Wendie Renard, Marie-Antoinette Katoto. Aujourd’hui, les grands noms de l’équipe de France féminine font partie du quotidien des Français·e·s. Des milliers se rassemblent devant les écrans pour suivre leurs exploits et épopées lors des grandes compétitions. Un engouement encore récent par rapport aux autres cadors du football européen. Mais son implantation a, partout, été longue et difficile.
Pour le football féminin, un parcours semé d’embuches
Les footballeuses ont toujours été là. Dans tous les pays, ce sont des joueuses qui s’engagent sur les terrains dans les années 1900. « Ces joueuses dérangent, étant donné que l’on considère que la pratique du football ne convient pas aux femmes. Des lois apparaissent, les fédérations impulsent des politiques de restriction pour interdire la pratique du football aux femmes », raconte Audrey Gozillon. Pendant quelques années, elles disparaissent des radars. Puis dans les années 1960, les footballeuses se manifestent à nouveau sur les terrains. « Les institutions internationales (UEFA et FIFA) commencent à s’inquiéter et demandent aux fédérations de prendre en charge le football des femmes », explique-t-elle. De cet encadrement naissent les commissions féminines. Mais les fédérations ne donnent pas toujours leur aval à cette nouvelle pratique.
À lire aussi : Football : Nathalie Portman réinvente le football au féminin avec Angel City FC
L’Europe du Nord et les États-Unis, nations pionnières pour féminiser le ballon rond
Dans les années 1970, les fédérations structurent la pratique en créant des commissions féminines. Certaines impulsent dans la foulée de véritables politiques de développement. A contrario, en France, la commission est tenue à l’écart. En Allemagne de l’ouest, la fédération donne de l’argent à la commission féminine pour organiser des compétitions et tournois sereinement. La commission lance également le plan « donnons une chance aux filles » pour féminiser les équipes. Résultat, le nombre de licenciées augmente. Des pratiques similaires naissent en Suède ou en Angleterre.
Les États-Unis apparaissent aussi comme fondateurs pour le football féminin. Mais le processus de développement est totalement différent.

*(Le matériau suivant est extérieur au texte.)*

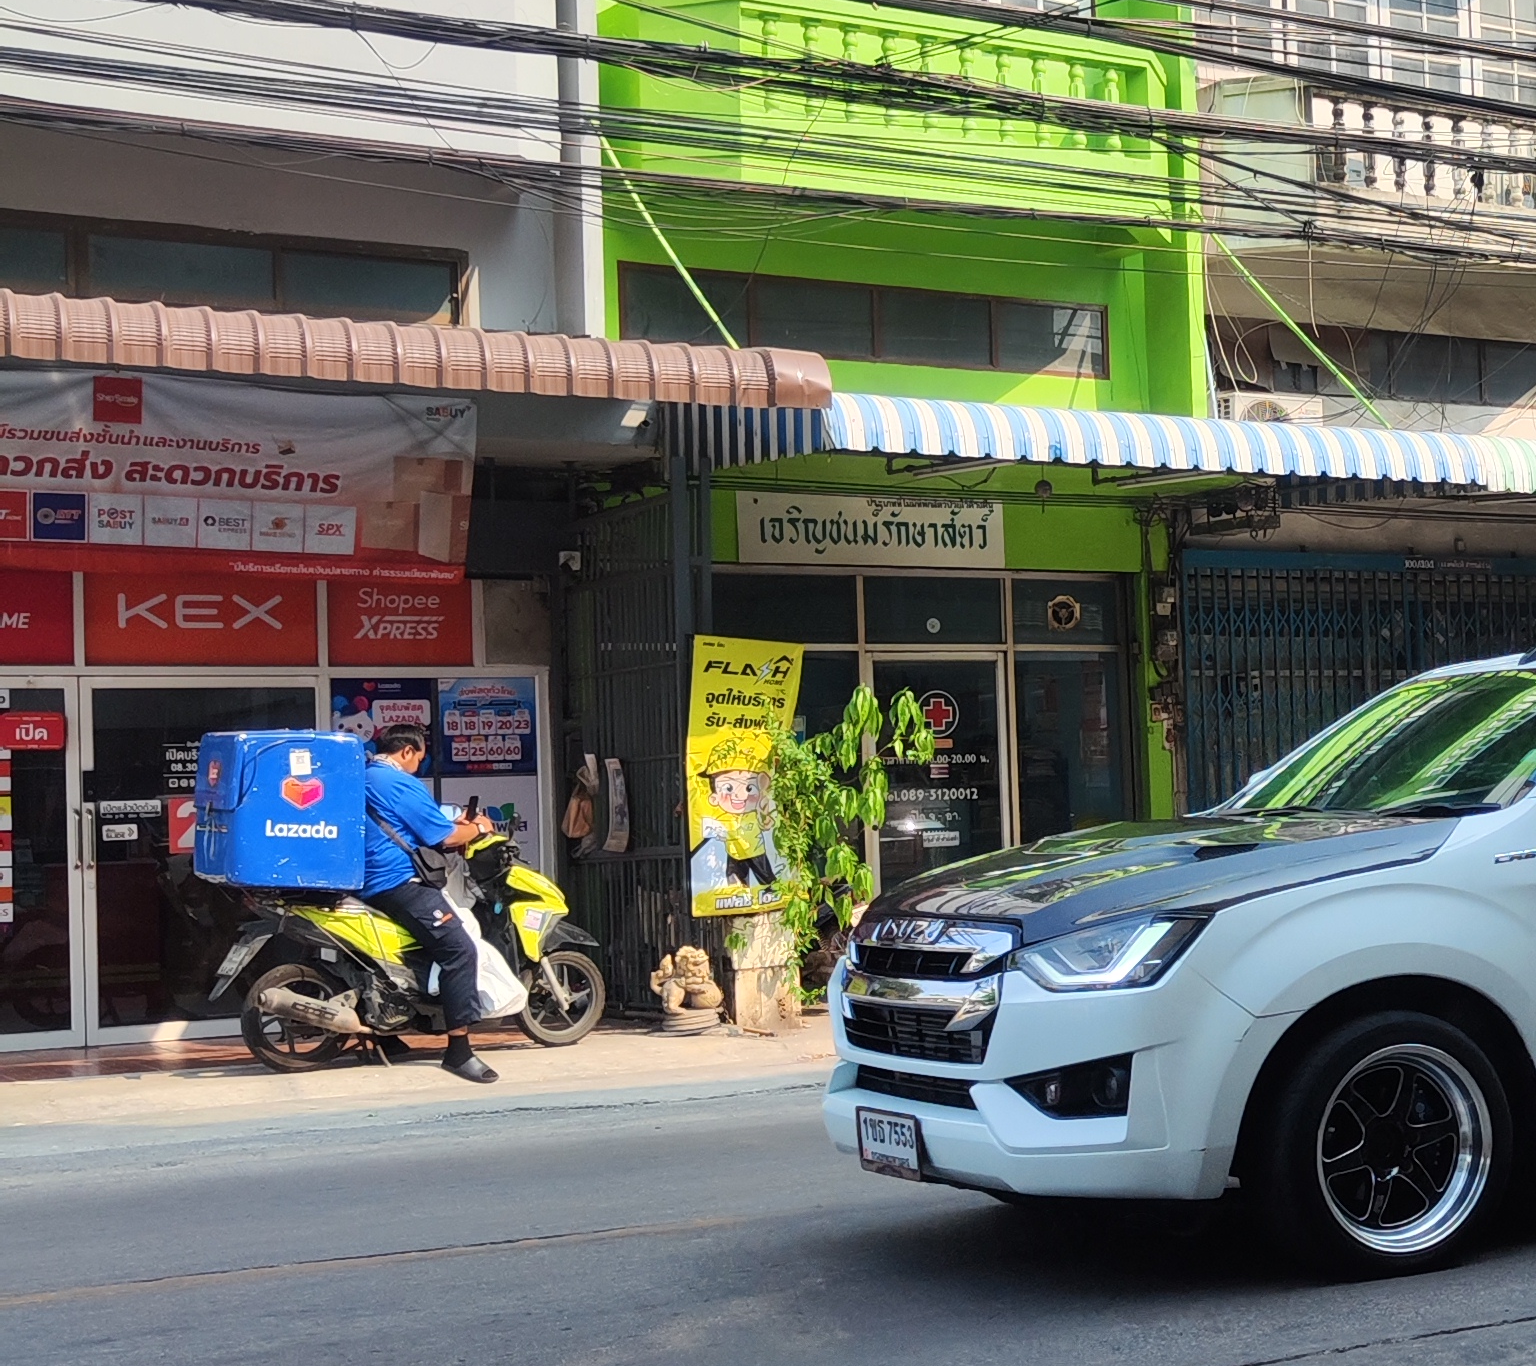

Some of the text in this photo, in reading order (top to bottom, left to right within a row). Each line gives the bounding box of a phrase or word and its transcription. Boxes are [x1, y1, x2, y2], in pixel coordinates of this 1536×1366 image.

[218, 517, 248, 528] BEST
[317, 522, 344, 534] SPX
[117, 592, 284, 630] KEX
[356, 587, 441, 614] Shopee
[353, 614, 443, 640] XPRESS
[15, 723, 48, 741] เปิด
[446, 719, 530, 731] 18 18 19 20 23
[453, 746, 520, 757] 25 25 60 60
[265, 819, 338, 840] Lazada
[871, 917, 947, 945] ISUZU
[886, 1120, 915, 1150] 7553
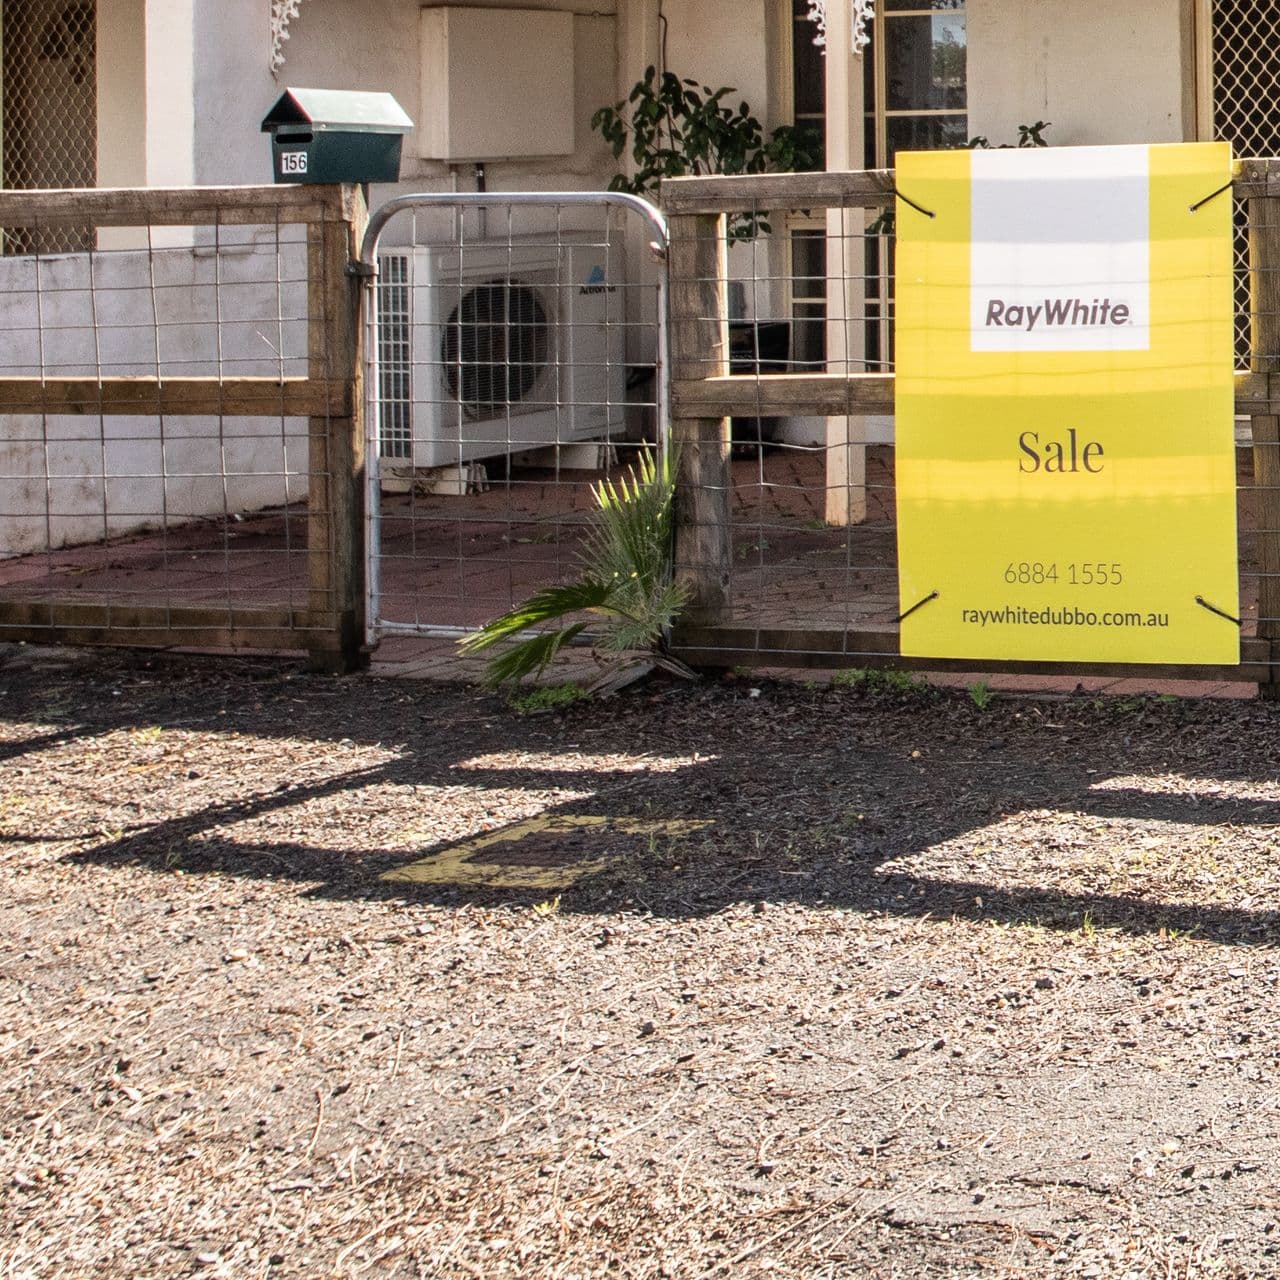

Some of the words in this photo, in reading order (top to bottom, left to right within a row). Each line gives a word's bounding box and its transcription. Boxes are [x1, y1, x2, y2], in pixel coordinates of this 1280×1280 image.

Tout commence dans les universités. « La pratique se développe dans le cadre scolaire et non fédéral. Puis elle est interdite. Une loi promulguée en 1976 demande l’égalité entre les hommes et les femmes dans la pratique et permet aux filles de pratiquer à nouveau à l’université », explique Audrey Gozillon. Pour que la fédération s’en mêle, il faut attendre le début des années 2000 et la victoire à domicile de la Coupe du monde. « En 2000, la Women United Soccer Association est créée juste après leur victoire en Coupe du monde, une des premières juste pour les filles. Elle regroupe des filles et leurs proposent un statut de joueuse professionnelle », raconte la chercheuse. Au même moment, la situation est tout autre en France.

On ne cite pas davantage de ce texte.